The Glory of God is described in Ephesians in the classical Hebrew term of holiness.  Glory is what God is.  Jesus’ Glory is every spiritual blessing possible rolled into one and delivered to humanity in human terms.  That tiny baby that we meditated on last week on Christmas day is the ultimate Glory of God – in him God will be truly known and received. Jesus the homeless immigrant in Egypt is God’s glory made available to the nations, demonstrating the way of human fulfillment. Jesus dying on the cross is the glory of God pouring Himself out for all humanity.   God is served perfectly in the human life lived minute for minute, hour by hour in the ordinary ways of human loving and caring that Jesus exercises.  And that glory has been made available to us through Jesus, who granted it to all who would claim that glory by imitation and union.

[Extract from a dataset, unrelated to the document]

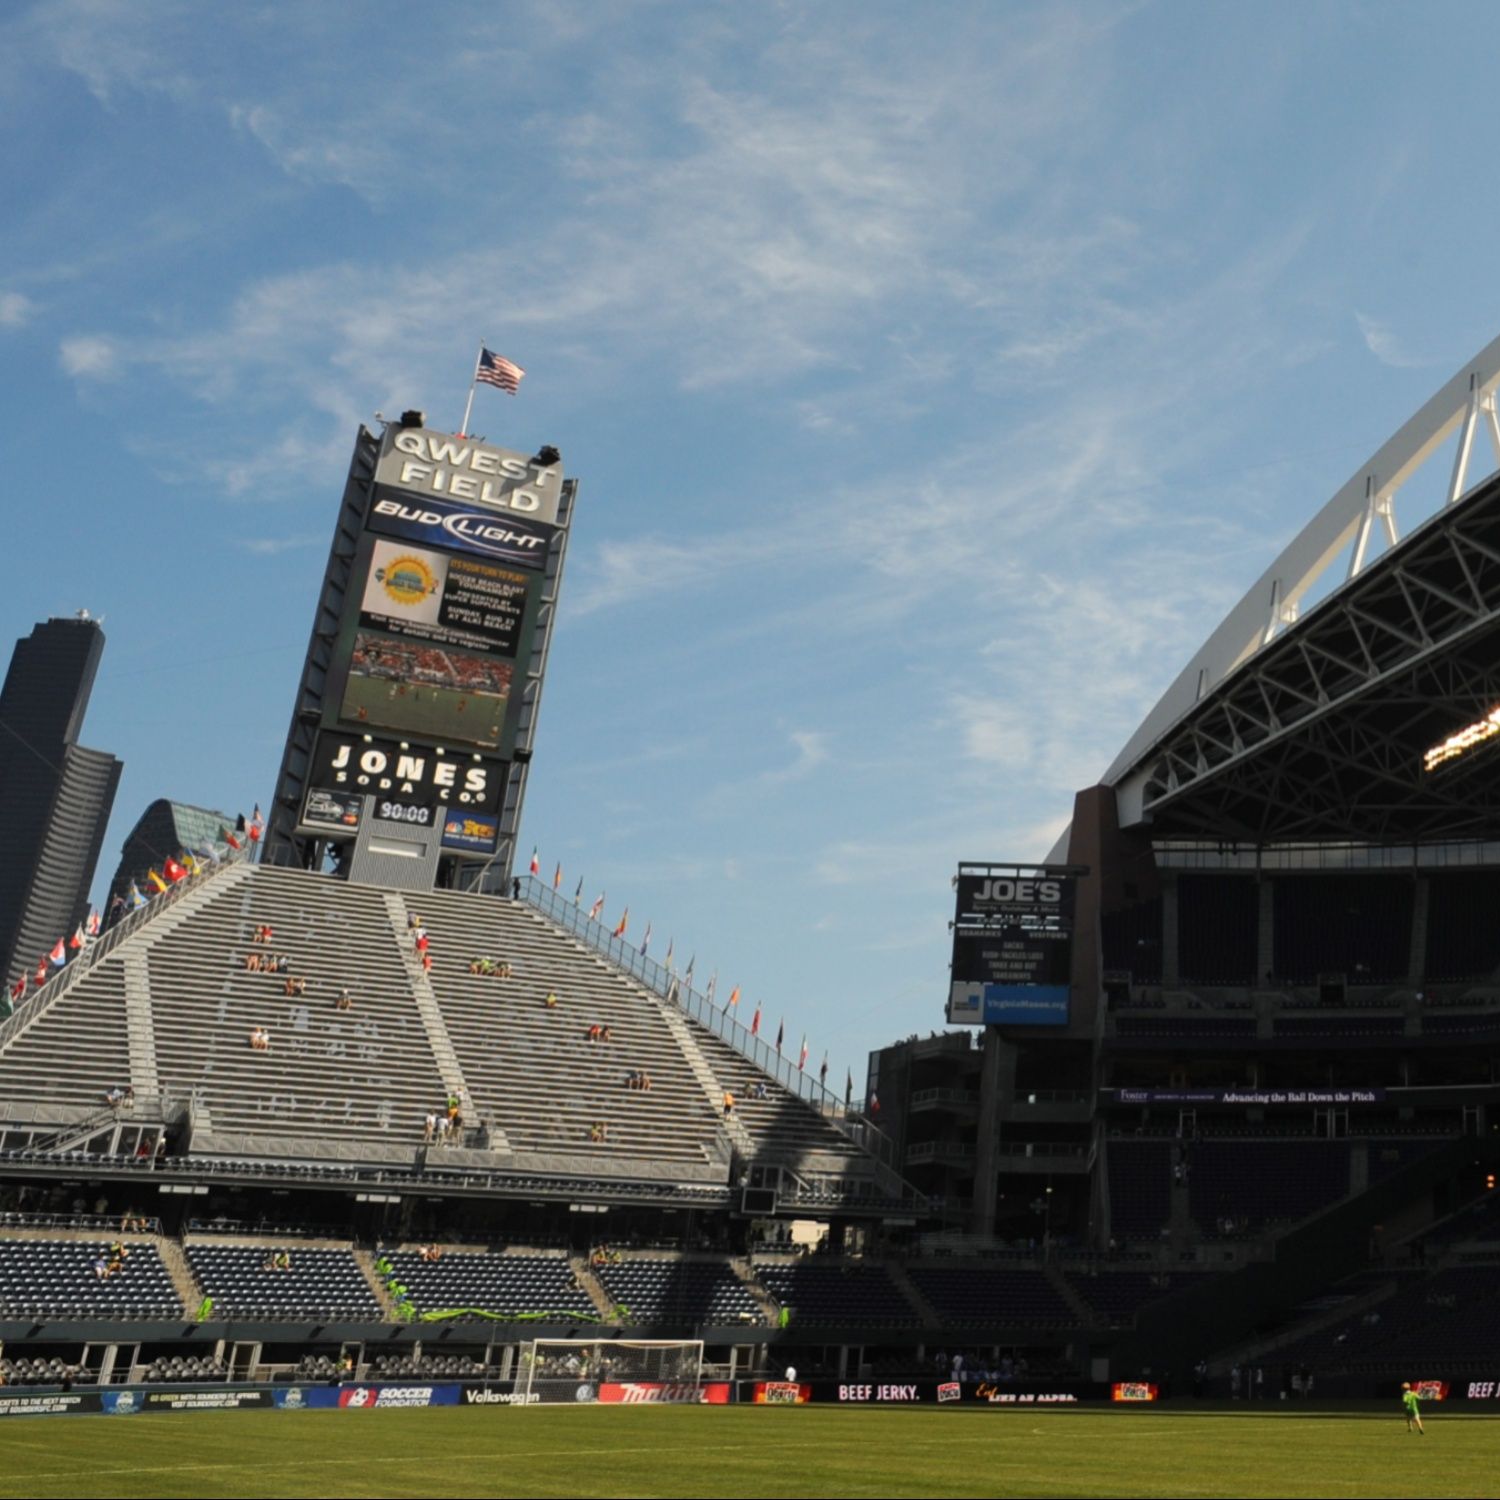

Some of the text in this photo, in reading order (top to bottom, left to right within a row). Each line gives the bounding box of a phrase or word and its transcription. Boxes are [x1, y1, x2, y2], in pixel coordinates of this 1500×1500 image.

The Logos or Word of God is the power of God-speech.  When God speaks, a veritable explosion occurs and universes are born, stars explode and planets are shaped.  Animals begin to crawl out of the mixture of hydrogen and oxygen combined into the life source of water.  Crawling, walking on four legs and then two, developing – every developing into higher and more complex forms of life moving toward God’s very self.  Jesus was identified in the early Church with this very essence of power – this force that issues forth from God’s mouth to cause the very becoming of all things.  Jesus is the Word itself of creative, redemptive power.  In his hand all of the wisdom and glory of God is concentrated and dispersed.

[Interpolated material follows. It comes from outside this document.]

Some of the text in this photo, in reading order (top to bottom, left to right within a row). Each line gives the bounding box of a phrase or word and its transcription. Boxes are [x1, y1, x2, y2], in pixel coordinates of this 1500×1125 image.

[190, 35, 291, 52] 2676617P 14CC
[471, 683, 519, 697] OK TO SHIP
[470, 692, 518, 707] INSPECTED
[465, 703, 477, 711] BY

Every so often, I go to one of the internet sites that display the Hubble photographs in order to get a sense of the immensity of God’s power concentrated in the tiny babe of Bethlehem.  What humility God shows.  He who tosses stars and planets about like toys places Divine Existence in the body and soul of a lovely little boy conceived by and born from the body of a young maiden of Israel.  Even more humility does God show to learn from us how to exercise his human limits – how to speak and walk, how to love as a human loves, how to build and destroy as a human does.  God, source of all that is, chooses to join us in our limitations as one of the poor.  This is the wisdom, the glory and the power of God . . . it shapes the human heart and shapes the universe of love. “No one has ever seen God.  The only Son, who is at the Father’s side, has revealed God.” 

“Grant us, O God, the wisdom to receive your Glory in our humanity – this day and every day.”